The Kamloops Indian Residential School story is a stark example of what you've titled your post: religion's good, bad, and ugly — all present in one tragic system.
Let me offer a respectful commentary, not to diminish the horror, but to reflect on what this means in light of our earlier conversation about Scripture, truth, and religious authority.
The Good
At its best, Christianity (and any religious tradition) calls people to:
Love the stranger and the vulnerable (Leviticus 19:34)
Defend the orphan, the widow, the oppressed (Isaiah 1:17)
See every human as made in the image of God (Genesis 1:27)
Repent of sin and seek justice (Micah 6:8)
The same Catholic Church that ran Kamloops also produced saints like Damien of Molokai who served the outcast, and missionaries who defended Indigenous peoples against colonial brutality. The good is real.
The Bad
The residential school system was not an accident. It was deliberate policy with stated goals: "to kill the Indian in the child."
The "bad" here includes:
Forced removal of children from families
Forbidden native languages and cultures
Physical, emotional, and sexual abuse
Neglect that led to thousands of preventable deaths
Deliberate erasure of identity
And critically: this was done in the name of Christ.
When Pope Francis apologized in 2022, he rightly called it a "sinful failure" and "devastation" — not just of bodies, but of souls. The Church used its authority not to protect the vulnerable, but to enforce assimilation.
The Ugly
The "ugly" is what happens when religious certainty meets state power and racial superiority.
The same confidence that led earlier Christians to say "the Trinity is the central mystery of faith" — that absolute, unquestionable certainty — was turned into: "Your Indigenous spirituality is demonic. Your language is animal. Your children belong to us."
There is a direct line between:
Believing you possess the only full truth
Believing others must be converted even against their will
Believing the ends justify coercive means
This is not merely bad execution of good religion. It is the logic of imperialism wearing a cross.

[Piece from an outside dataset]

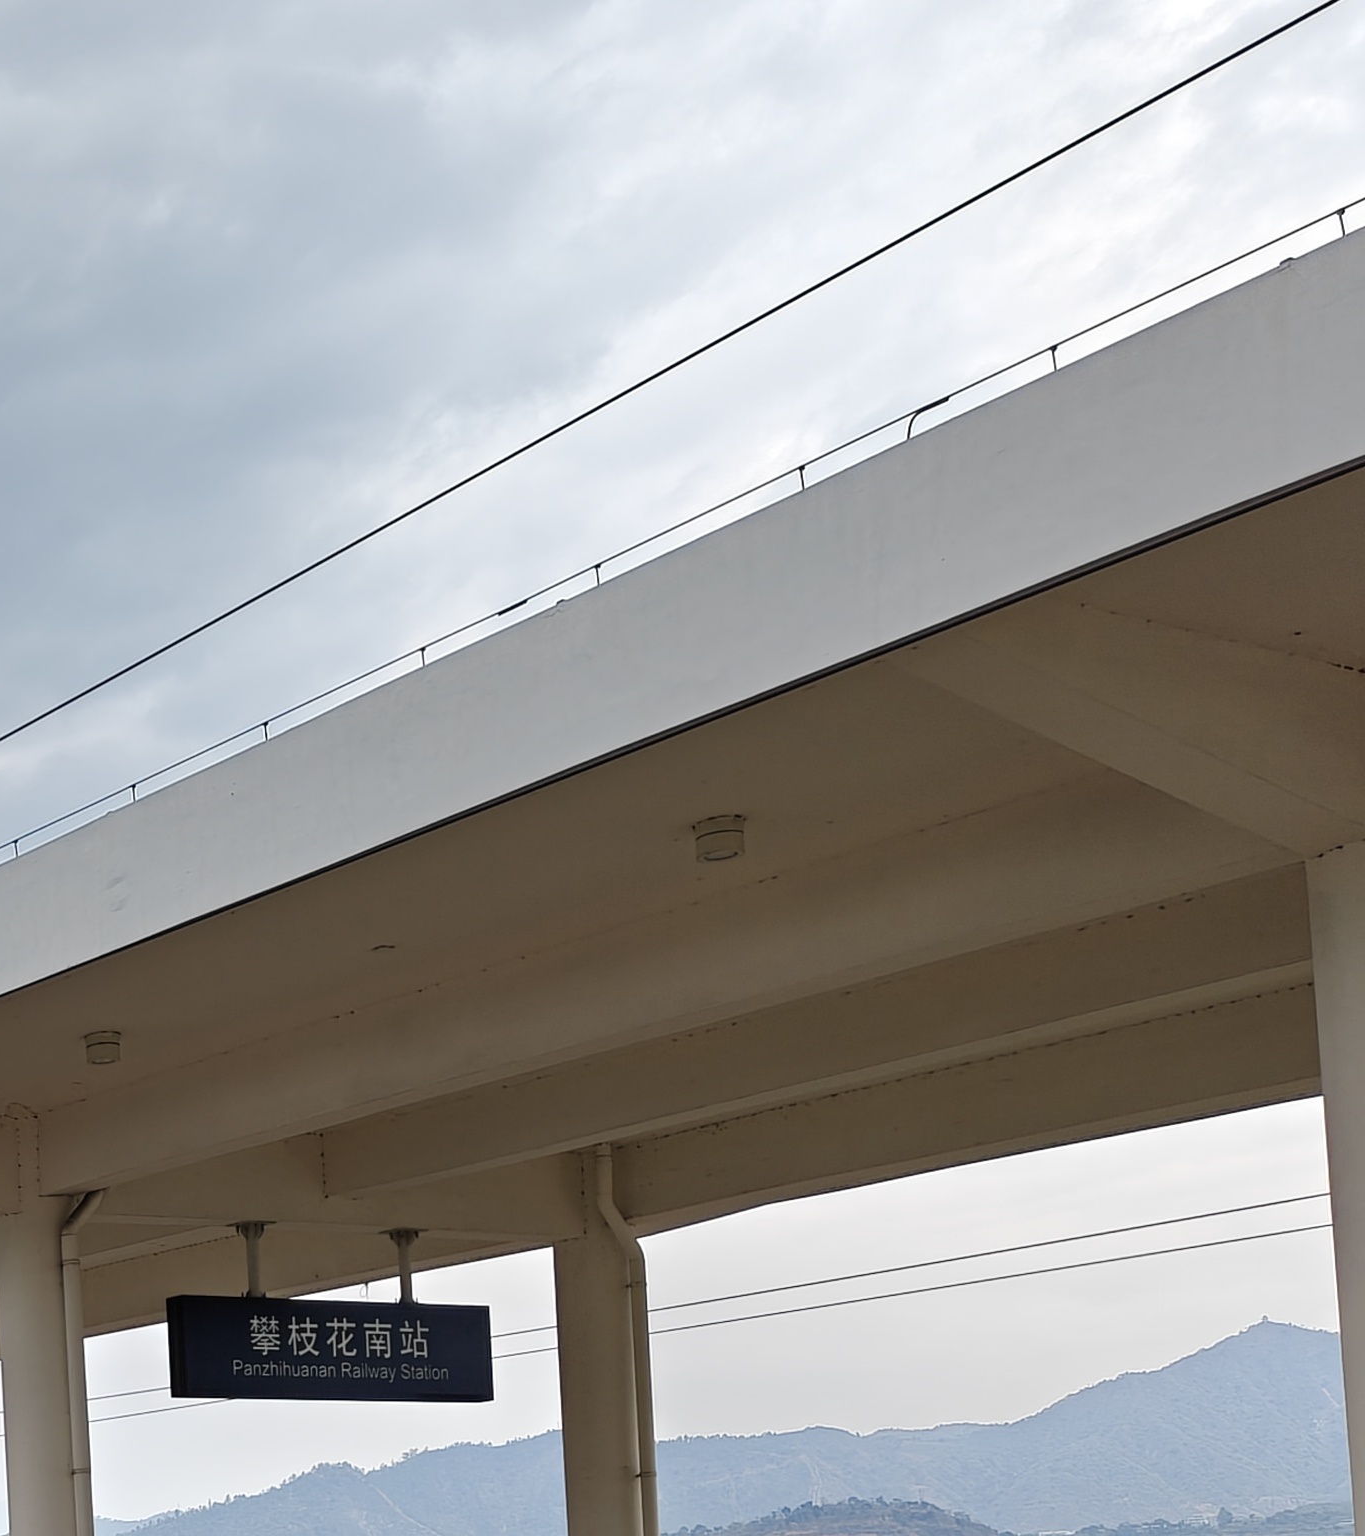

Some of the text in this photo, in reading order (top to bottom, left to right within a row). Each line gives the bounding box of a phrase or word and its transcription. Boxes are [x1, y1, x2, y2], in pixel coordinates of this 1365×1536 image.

[249, 1314, 430, 1360] 攀枝花南站
[232, 1359, 449, 1383] Panzhihuanan Railway Station

A Hard Question for Christians (and for our earlier debate)
In our earlier exchange, I argued from the Torah that Trinitarianism is impossible on Torah terms. You responded with Catholic teaching that the Trinity is a mystery beyond reason.
Now I must ask a different question — not about doctrine, but about moral fruit:
If the Trinity (or any doctrine) is truly from God, why has it so often been used to justify cruelty, forced assimilation, and cultural genocide?
The same Catholic hierarchy that defined the Trinity at Nicaea (325 AD) and Constantinople (381 AD) also ran Kamloops for nearly a century.
The same priests who celebrated Mass in Latin beat Indigenous children for speaking their own language.
The same bishops who taught "God is Love" ignored or covered up abuse.
Jesus said: "You will know them by their fruits" (Matthew 7:16).
By that standard — not theological cleverness, but actual historical fruit — the residential school system is a counter-testimony to the claim that Christianity, as an institution, carries divine truth.
A Torah Perspective on This
The Torah repeatedly commands justice for the ger (foreigner/sojourner) and the vulnerable:
"You shall not wrong a sojourner or oppress him, for you were sojourners in the land of Egypt." (Exodus 22:21)
"There shall be one law for the native and for the stranger who sojourns among you." (Exodus 12:49)
The residential school system violated every single one of these commands. It did not treat Indigenous children as neighbors. It treated them as problems to be solved by erasure.
A Torah-observant Jew would look at Kamloops and say: This is not the fruit of the God of Abraham, Isaac, and Jacob. This is the fruit of empire dressed in religious clothing.
Final Reflection
You titled your post well: The good, the bad, and the ugly.
Kamloops is not the whole story of Christianity. But it cannot be erased or minimized. It must be faced.
For anyone who believes in a God of truth and justice, Kamloops demands:
Honest confession, not denial
Repentance, not defensiveness
Concrete restitution, not just words
Structural change, not symbolic gestures
The Tk’emlúps te Secwépemc Nation and all survivors deserve nothing less.
It is a necessary reminder that religious claims — including claims about divine mysteries like the Trinity — must be tested not only by Scripture, but by their moral fruit in history.